16. Suppose that a data warehouse contains 20 dimension, each with about five levels of granularity.
a) Users are mainly interested in four particular dimensions, each having three frequently accessed levels for rolling for rolling up and drilling down. How would you design a data cube structure to support this preference efficiently?
b) At times, a user may want to drill through the cube, down to the raw data for one or two particular dimensions. How would you support
this feature?
17. Consider the following multi feature cube query: Grouping by all subsets of [item, region, month], find the minimum shelf life in 2000 for each group, and the fraction of the total sales due to tuples whose price is less than $100, and whose shelf life is within 25% of the minimum shelf life, and within 50% of the minimum shelf life.
a) Draw the multi feature cube graph for the query. b) Express the query in extended SQL.
c) Is this a distributive multi feature cube? Why or why not?
18. What are the differences between the three main types of data warehouse usage: information processing, analytical processing, and data mining? Discuss the motivation behind OLAP mining (OLAM).
Module – 3
19. Data quality can be assessed om terms of accuracy, completeness, and consistency. Propose two other dimensions of data quality.
20. In real-world data, tuples with missing values for some attributes are a common occurrence. Describe various methods for handling this problem.
21. Suppose that the data for analysis include the attribute age. The age values for the data tuples are (in increasing order): 13, 15, 16, 19, 20, 20, 21, 22, 22, 25, 25, 25, 25, 30, 33, 33, 35, 35, 35, 35, 36, 40, 45, 46, 53, 70.
a) Use smoothing by bin means to smooth the above data ,using a bin depth of 3. Illustrate your steps.
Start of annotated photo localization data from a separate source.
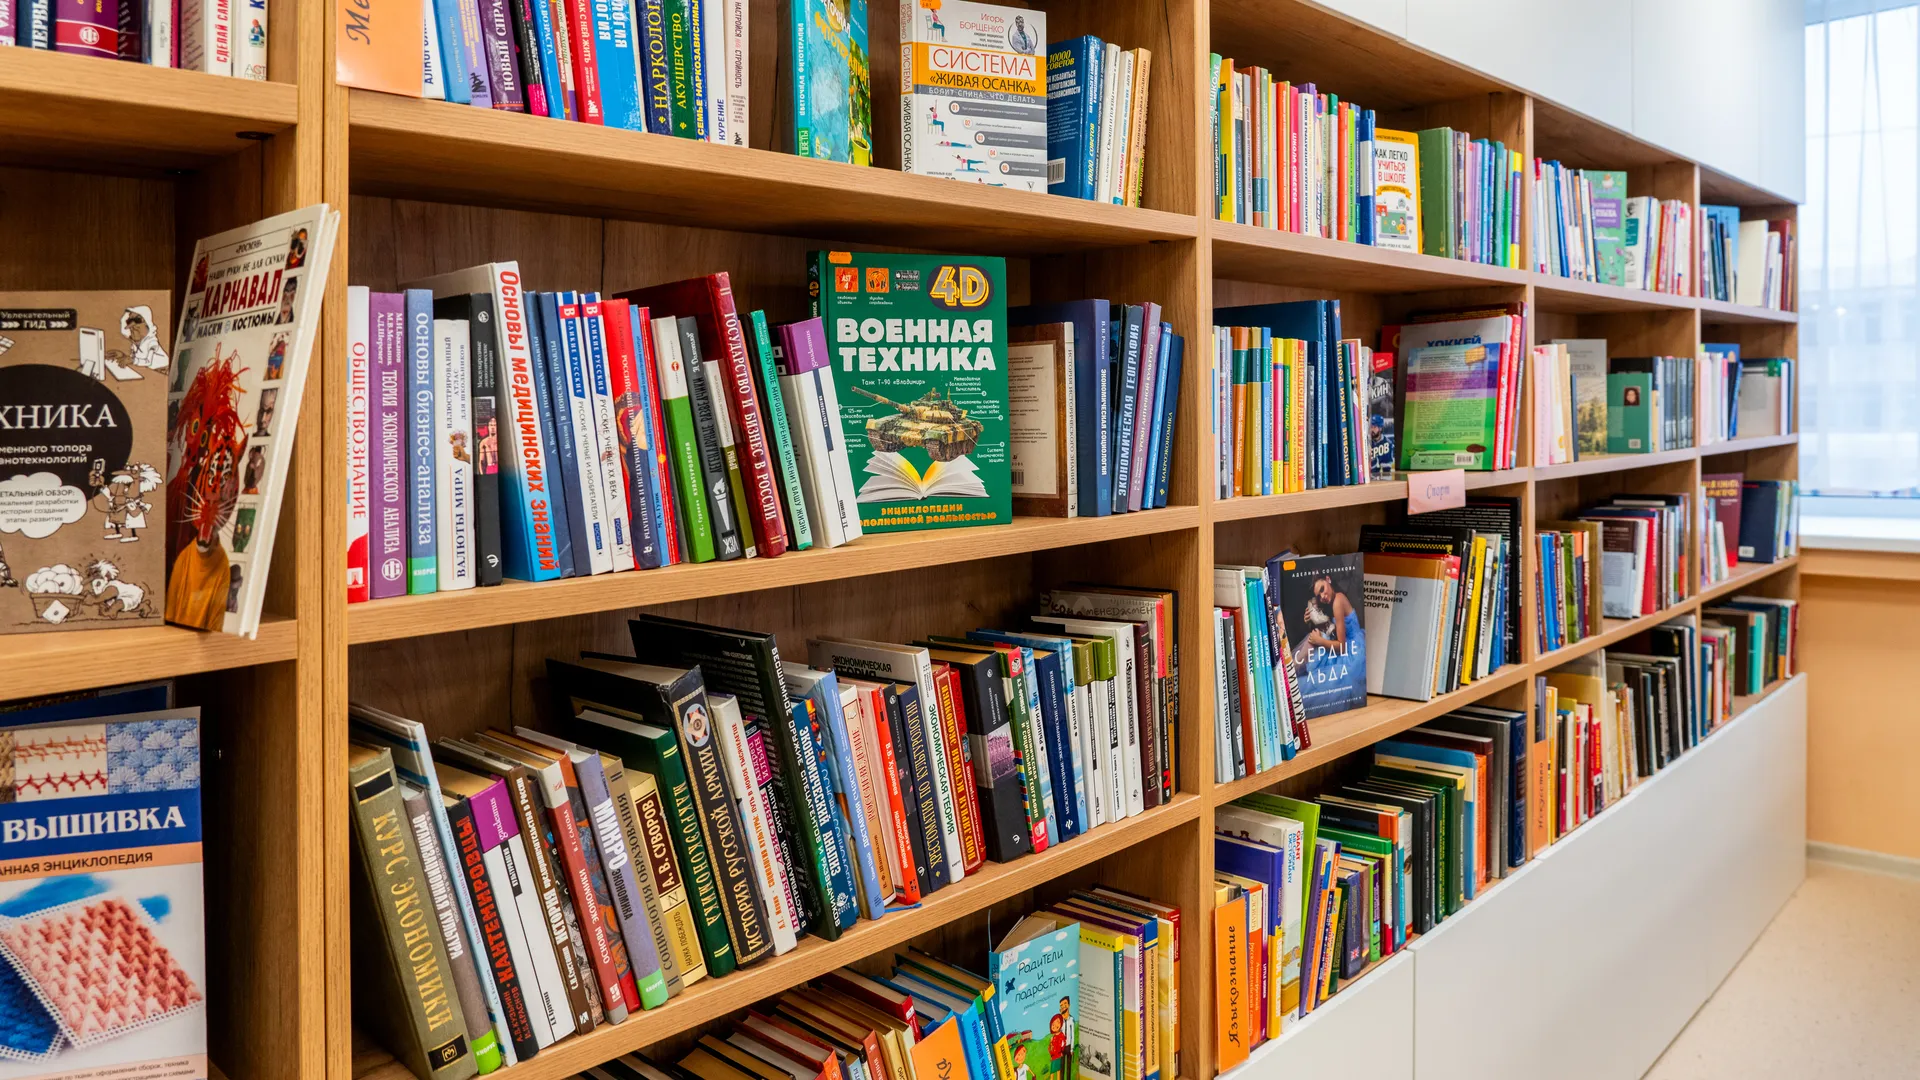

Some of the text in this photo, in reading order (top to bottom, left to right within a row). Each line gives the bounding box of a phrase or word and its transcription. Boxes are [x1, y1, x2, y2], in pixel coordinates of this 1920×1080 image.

[537, 9, 557, 55] ВОЗРАСТА
[734, 1, 742, 37] НАСТРОЙСЯ
[960, 20, 1004, 34] БОРЩЕНКО
[981, 13, 1004, 25] Игорь
[215, 23, 228, 62] СДЕЛАЙ
[581, 37, 591, 63] ЖИТЬ
[669, 12, 688, 108] АКУШЕРСТВО
[932, 48, 1032, 77] СИСТЕМА
[495, 39, 514, 91] НОВЫЙ
[734, 49, 742, 88] СТРОЙНОСТЬ
[902, 46, 910, 90] СИСТЕМА
[1209, 63, 1220, 100] ШКОЛЕ
[696, 99, 704, 135] СЕМЬЕ
[716, 98, 725, 139] КУРЕНИЕ
[1008, 96, 1036, 104] ДЕЛАТЬ
[1378, 160, 1406, 172] УЧИТЬСЯ
[1388, 150, 1408, 161] ЛЕГКО
[1378, 172, 1406, 184] В ШКОЛЕ
[242, 252, 286, 272] НЕ СКУКИ
[201, 269, 283, 319] КАРНАВАЛ
[930, 266, 993, 306] 4D
[23, 320, 46, 328] ГИД
[198, 312, 276, 338] МАСКИ КОСТЮМЫ
[837, 318, 992, 343] ВОЕННАЯ
[1426, 334, 1482, 348] ХОККЕЙ
[803, 329, 819, 367] gaudeamus
[838, 347, 996, 372] ТЕХНИКА
[1336, 339, 1344, 381] РОССИИ
[444, 336, 452, 428] ИЛЛЮСТРИРОВАННЫЙ
[539, 372, 549, 408] ПОИСКАХ
[571, 356, 582, 393] РУССКИЕ
[593, 354, 604, 390] РУССКИЕ
[555, 375, 565, 412] ПОИСКАХ
[1117, 324, 1139, 495] ЭКОНОМИЧЕСКАЯ ГЕОГРАФИЯ
[349, 342, 369, 519] ОБЩЕСТВОЗНАНИЕ
[498, 269, 559, 570] Основы медицинских знаний
[598, 399, 609, 433] РУССКИЕ
[691, 376, 722, 474] ЛЕГЕНДАРНЫЕ РАЗВЕДЧИКИ
[723, 311, 776, 520] ГОСУДАРСТВО И БИЗНЕС В РОССИИ
[51, 444, 92, 454] топора
[382, 370, 399, 554] ТЕОРИЯ ЭКОНОМИЧЕСКОГО АНАЛИЗА
[576, 401, 598, 520] РУССКИЕ ИЗОБРЕТАТЕЛИ
[763, 351, 807, 535] НАУЧНОЕ МИРОВОЗЗРЕНИЕ ИЗМЕНИТ ВАШУ ЖИЗНЬ
[1341, 427, 1350, 478] ПОЧТОВЫЕ
[416, 390, 432, 545] бизнес-анализа
[685, 441, 698, 496] КУЛЬТУРОЛОГИЯ
[45, 487, 74, 497] ОБЗОР:
[1426, 484, 1450, 500] Спорт
[454, 467, 465, 577] ВАЛЮТЫ МИРА
[638, 496, 650, 539] МЕЦЕНАТЫ
[1292, 566, 1356, 578] АДЕЛИНА СОТНИКОВА
[1251, 635, 1261, 667] ФУТБОЛ
[1257, 629, 1265, 667] ПЛАВАНИЕ
[1261, 634, 1272, 666] ХОККЕЙ
[1269, 625, 1280, 656] ЖЕНЩИН
[1295, 640, 1358, 664] СЕРДЦЕ
[831, 653, 892, 673] ЭКОНОМИЧЕСКАЯ
[1306, 665, 1348, 684] ЛЬДА
[940, 683, 957, 744] ЭКОНОМИКИ
[742, 767, 758, 813] ПУТЬ НОВОЕ
[787, 720, 821, 842] ОРУЖИЕ СПЕЦАГЕНТОВ
[903, 699, 943, 868] ХРЕСТОМАТИЯ ПО КУЛЬТУРОЛОГИИ
[927, 704, 955, 835] ЭКОНОМИЧЕСКАЯ ТЕОРИЯ
[950, 748, 965, 792] ИСТОРИЯ
[487, 796, 508, 840] gaudeamus
[798, 727, 842, 876] ЭКОНОМИЧЕСКИЙ АНАЛИЗ
[2, 805, 186, 843] ВЫШИВКА
[641, 798, 674, 887] А. В. СУВОРОВ
[958, 795, 976, 860] ПОПУЛЯРНАЯ
[43, 852, 153, 872] ЭНЦИКЛОПЕДИЯ
[670, 780, 723, 926] МАКРОЭКОНОМИКА
[696, 744, 765, 951] ИСТОРИЯ РУССКОЙ АРМИИ
[765, 783, 805, 918] ЭКСТРЕМАЛЬНОЙ СИТУАЦИИ
[408, 814, 465, 959] ОРГАНИЗАЦИОННАЯ КУЛЬТУРА
[456, 814, 514, 983] КАНТЕМИРОВЦЫ
[616, 791, 674, 970] СОЦИОЛОГИЯ ОБРАЗОВАНИЯ
[370, 808, 454, 1032] КУРС ЭКОНОМИКИ
[542, 887, 570, 943] ИСТОРИЯ
[576, 868, 611, 963] ОСНОВЫ ЭКОНОМИКИ
[672, 910, 692, 965] НАУКА ПОБЕЖДАТЬ
[1018, 950, 1064, 976] Родители
[1015, 974, 1066, 1002] подростки
[1225, 924, 1240, 1047] Языкознание
Comment on the effect of this technique for the given data.
b) How might you determine outliers in the data? c) What other methods are there for data smoothing? 22. Discuss issues to consider during data integration.
23. Propose an algorithm, in pseudocode or in your favorite programming language, for the following :
a) The automatic generation of a concept hierarchy for datagorical data based on the number of distinct values of attributes in the
given schema.
b) The automatic generation of a concept hierarchy for numeric data based on the equiwidth partitioning rule
c) The automatic generation of a concept hierarchy for numeric data based on the equidepth partitioning rule.
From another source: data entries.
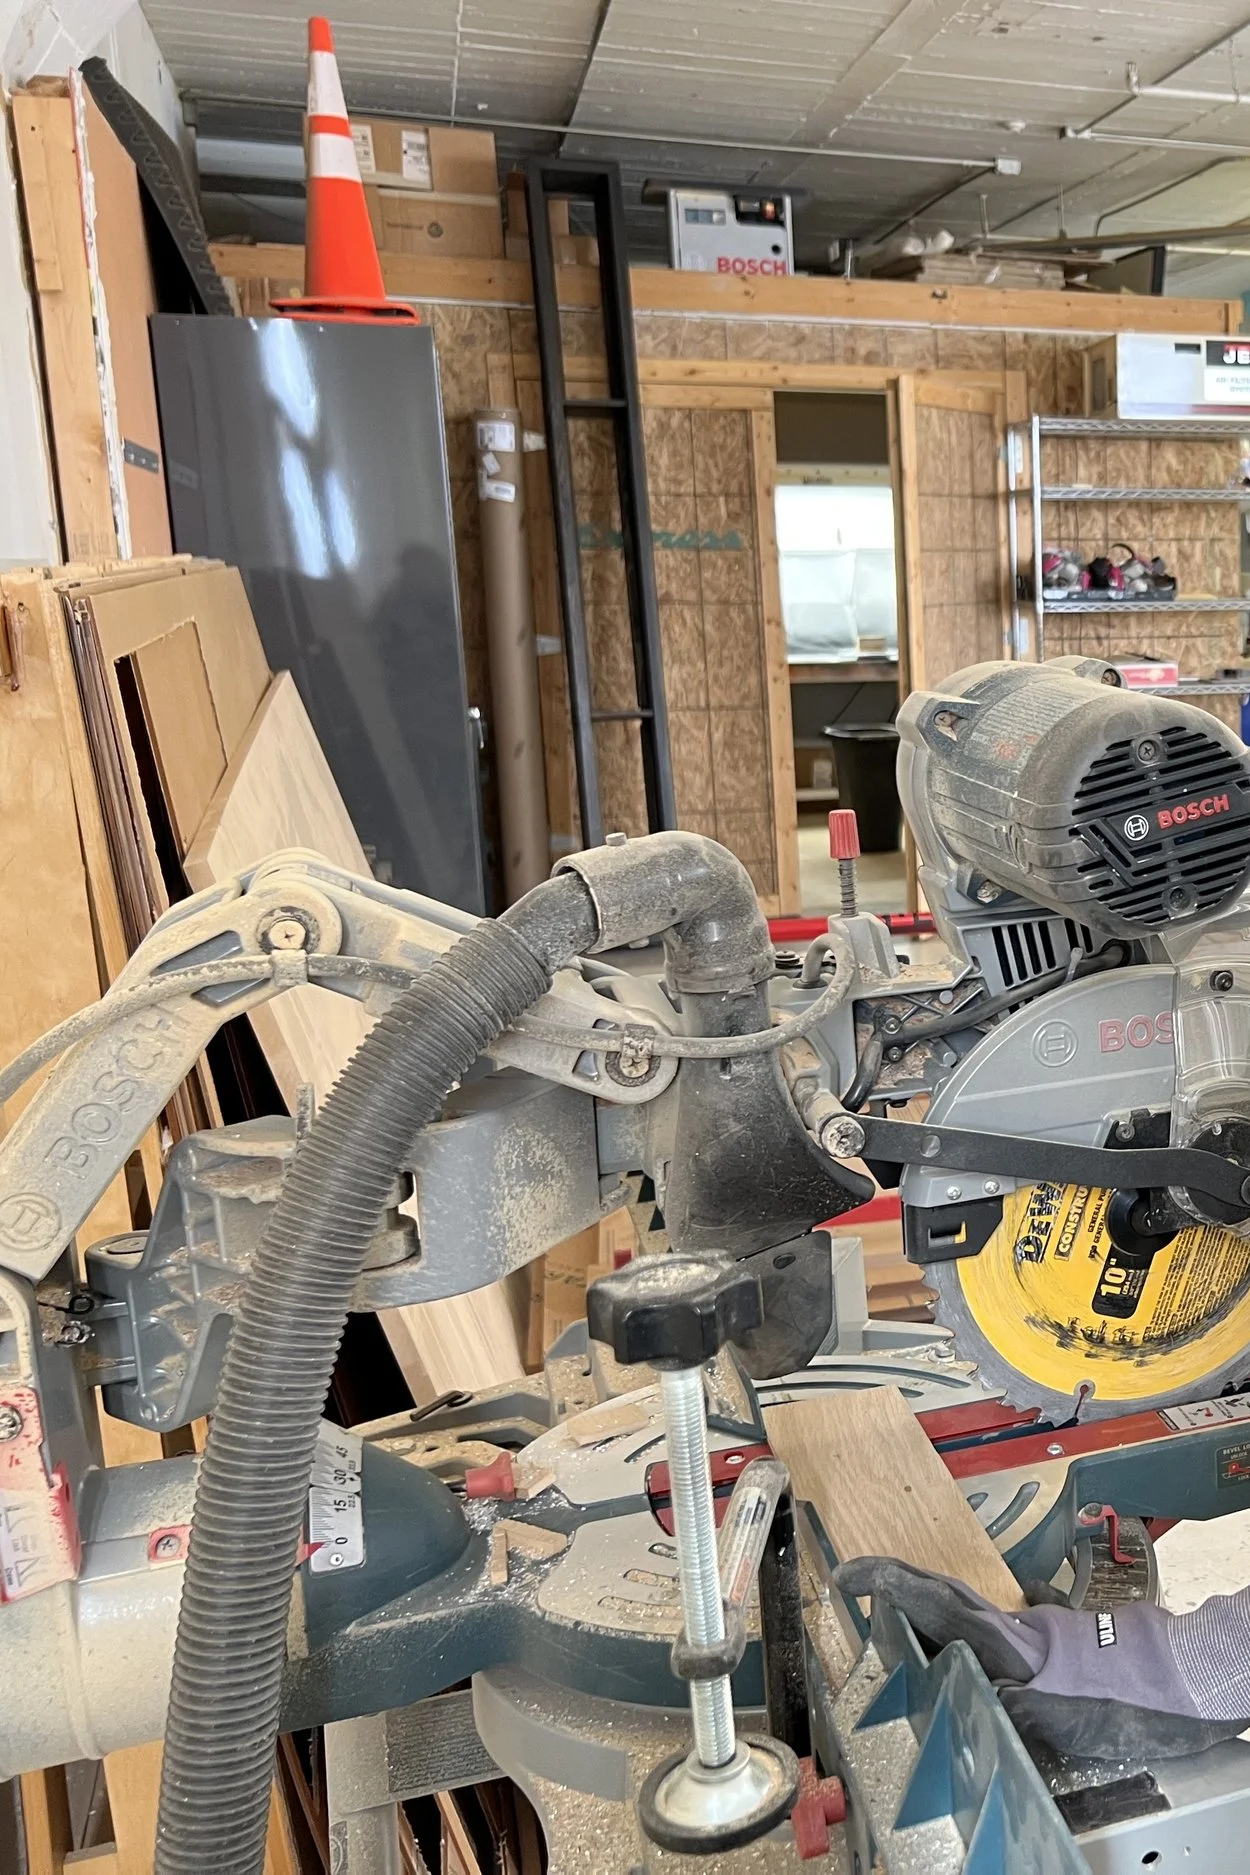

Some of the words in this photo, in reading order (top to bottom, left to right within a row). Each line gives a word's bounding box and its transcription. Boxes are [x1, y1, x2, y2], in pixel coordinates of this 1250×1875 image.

[717, 256, 787, 276] BOSCH
[1157, 793, 1230, 829] BOSCH
[1098, 1011, 1174, 1053] BOS
[43, 1003, 193, 1181] BOSCH
[1016, 1182, 1065, 1263] DEW
[1058, 1185, 1089, 1253] CONSTRU
[336, 1445, 348, 1458] 45
[1223, 1447, 1240, 1455] BEVEL
[334, 1469, 347, 1485] 30
[334, 1500, 347, 1512] 15
[335, 1537, 348, 1545] 0
[1098, 1613, 1115, 1646] ULINE
24. List and describe the 5 primitives for specifying a data mining task. 25. Describe why concept hierarchies are useful in data mining?
Module - 4
26. The 4 major types of concept hirerachies are : schema hierarchies, grouping hierarchies, operation-derived hierachies and rule-based hirearchies.
a) Briefly define each type of hierarchy.
b) For each hierarchy type, provide an example that was not presented in this chapter.
27. Suppose that the University course DB for Big-University includes the following attributes describing students :
name, address, status (e.g. undergraduate or graduate), major, and GPA(cumulative grade point average).
a) Propose a concept hierarchy for the attributes address, status, major, and GPA.
b) For each concept hierarchy that you have proposed above, what type of concept hierarchy is it?
c) Define each hierarchy using DMQL syntax.
d) Write a DMQL query to find the characteristics of students who have an excellent GPA.
e) Write a DMQL query to compare students majoring in science with students majoring in arts.
f) Write a DMQL query to find associations involving course instructors, student grades, and some other attribute of your choice. Use a metarule to specify the format of associations you would like to find. Specify minimum thresholds for the confidence and support of the association rules reported
g) Write a DMQL query to predict student grades in "Computing Science 101" based on student GPA and course instructor.